Vermont made history today!
The Vermont House and Senate both approved the same version of a law based on Oregon’s model Death with Dignity legislation, and the bill now heads to the governor’s desk for signature. In the past, Governor Shumlin has indicated he’ll sign the bill if it reaches his desk. With the Governor’s signature, Vermont becomes the third state with an assisted dying law and the first state to enact this law through a legislative process. A historic achievement.
This achievement comes after over 10 years of diligent work by our partners, Patient Choices Vermont. In August of 2002, dedicated volunteer Dick Walters brought together a group of Vermonters who wanted their state to allow the same rights Oregonians had because of the groundbreaking Death with Dignity Act. Knowing he needed to consult experts in passing this sort of law, he contacted the only organization which had successfully written and passed such a law: Oregon Death with Dignity, the predecessor of the Death with Dignity National Center.
Right from the beginning, the Death with Dignity National Center formed a strong partnership with Dick Walters and his group, Patient Choices Vermont, to advance legislation allowing for safeguarded assisted death, and we’ve been there every step of the way. Over the years, we’ve joined our credibility, knowledge, and connections to end-of-life care experts with Patient Choices’ dedication to Death with Dignity policy reform in their state.

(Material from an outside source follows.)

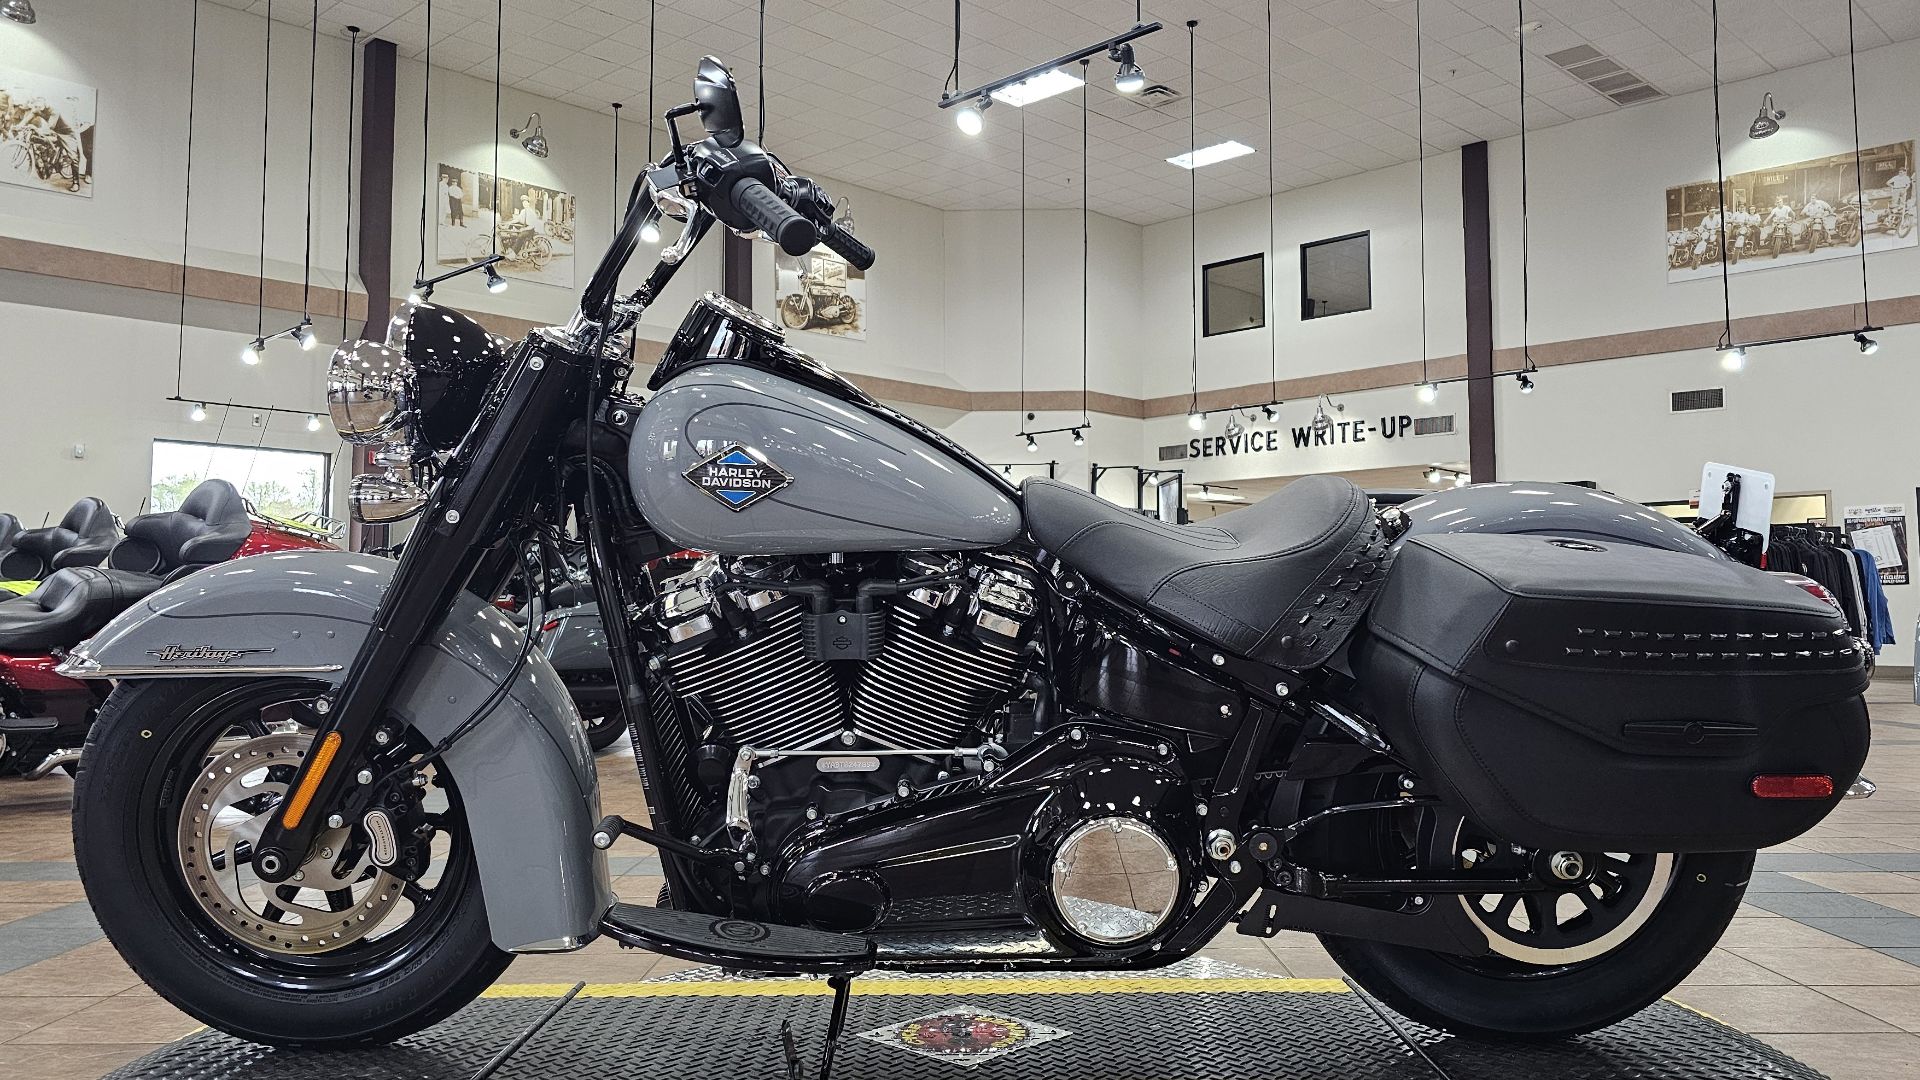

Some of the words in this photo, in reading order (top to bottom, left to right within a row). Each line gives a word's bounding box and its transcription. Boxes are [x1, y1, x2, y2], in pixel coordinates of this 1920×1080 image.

Beyond our countless hours of work lending political experience to help Patient Choices, we connected them to people who’ve seen Oregon’s law in action through their work in hospice and palliative care. One such expert is Ann Jackson, former Executive Director of the Oregon Hospice Association. Reflecting back on her most recent trips to Vermont, Ann said:
What was most different—and gratifying—about Vermont’s experience was that the House and Senate, as whole bodies, were able to discuss or debate the issue. The bills did not die in committee. What was most interesting was the quality of the discussions in committees—thoughtful and looking for good and truthful information.
The House and Senate debates were more about innuendo and lacked depth. This is not criticism—it is expected that committees seek information and learn and teach. What was most frustrating is that Oregon’s credibility is questioned, even when data and independent studies corroborate state findings. The same dire predictions are being made now that were made in Oregon in 1994 and 1997—and proven wrong—and in every state and country that has considered physician-assisted dying before and after.
But today, facts and data won. Oregon’s law now has 15 years of data demonstrating the groundbreaking Death with Dignity Act written by our founding board member Eli Stutsman is no longer an experiment or test case; it now serves as the model for end-of-life care policy reform. All of us here at the Death with Dignity National Center applaud Vermont lawmakers and Patient Choices Vermont for being truly dedicated to patient-centered care and moving one step closer to allowing all Vermonters to determine how to live out their final days when death draws near.
The bill now heads to Governor Shumlin’s desk for final approval. With his signature, Vermont will take the historic step of becoming the first state to enact Death with Dignity through a legislative process.